• **PROBLEM**: Strip out the pictures and transcribe the records that follow exactly.

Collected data
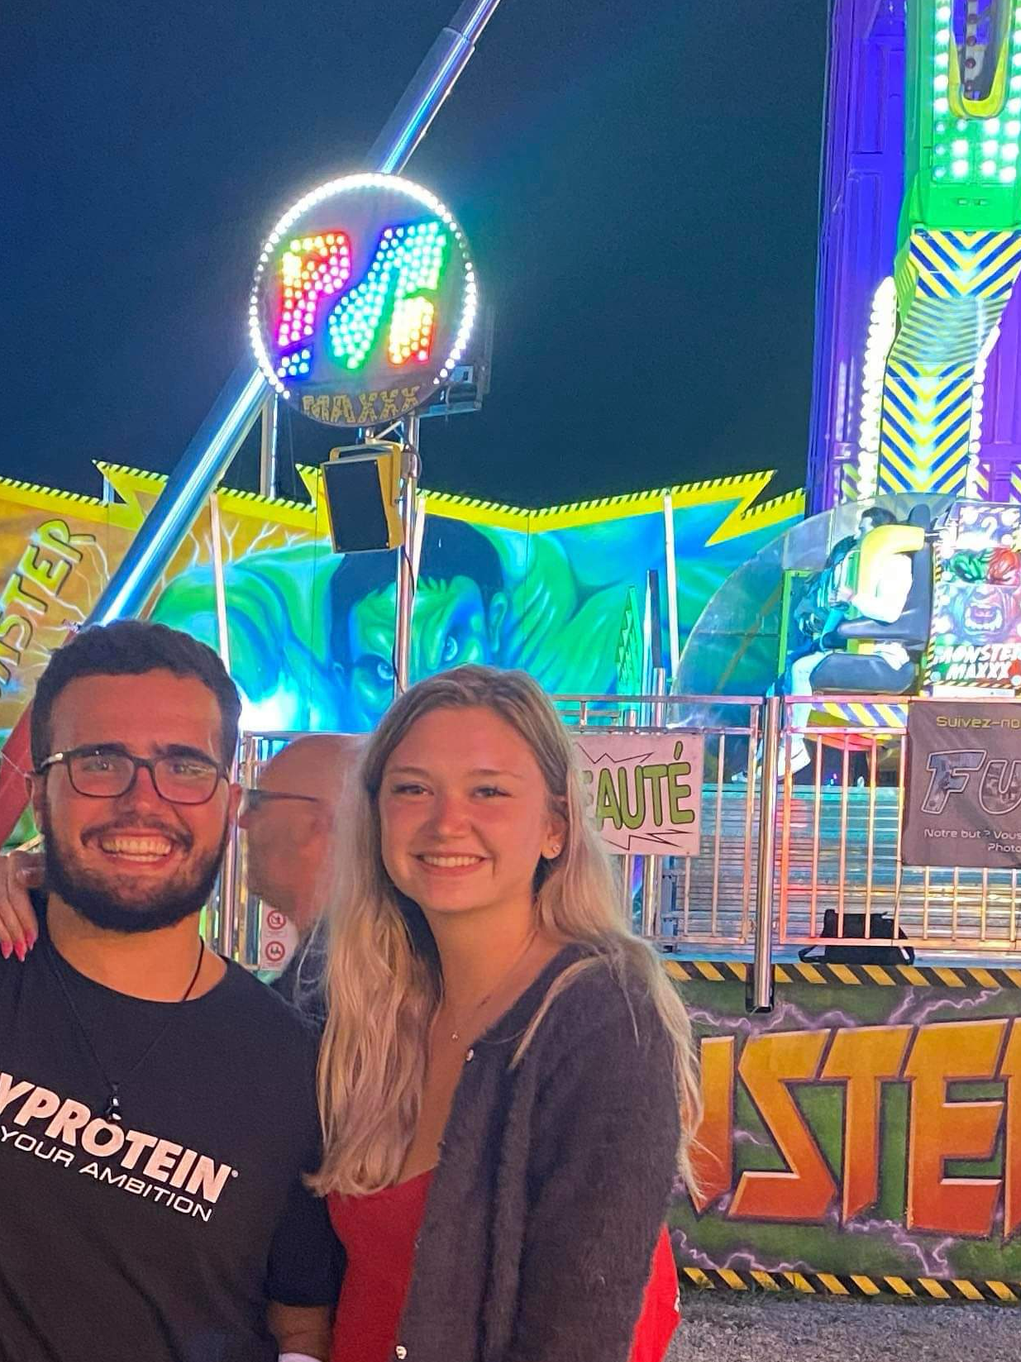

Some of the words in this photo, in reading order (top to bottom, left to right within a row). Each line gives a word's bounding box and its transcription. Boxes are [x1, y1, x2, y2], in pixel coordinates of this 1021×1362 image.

[302, 385, 421, 424] MAXXX
[924, 828, 958, 838] Notre
[961, 829, 981, 839] but
[0, 1125, 75, 1168] YOUR
[79, 1161, 213, 1222] AMBITION

• **OUTPUT FOR THIS TASK**:
Some of the words in this photo, in reading order (top to bottom, left to right within a row). Each line gives a word's bounding box and its transcription. Boxes are [x1, y1, x2, y2], in pixel coordinates of this 1021×1362 image.

[302, 385, 421, 424] MAXXX
[924, 828, 958, 838] Notre
[961, 829, 981, 839] but
[0, 1125, 75, 1168] YOUR
[79, 1161, 213, 1222] AMBITION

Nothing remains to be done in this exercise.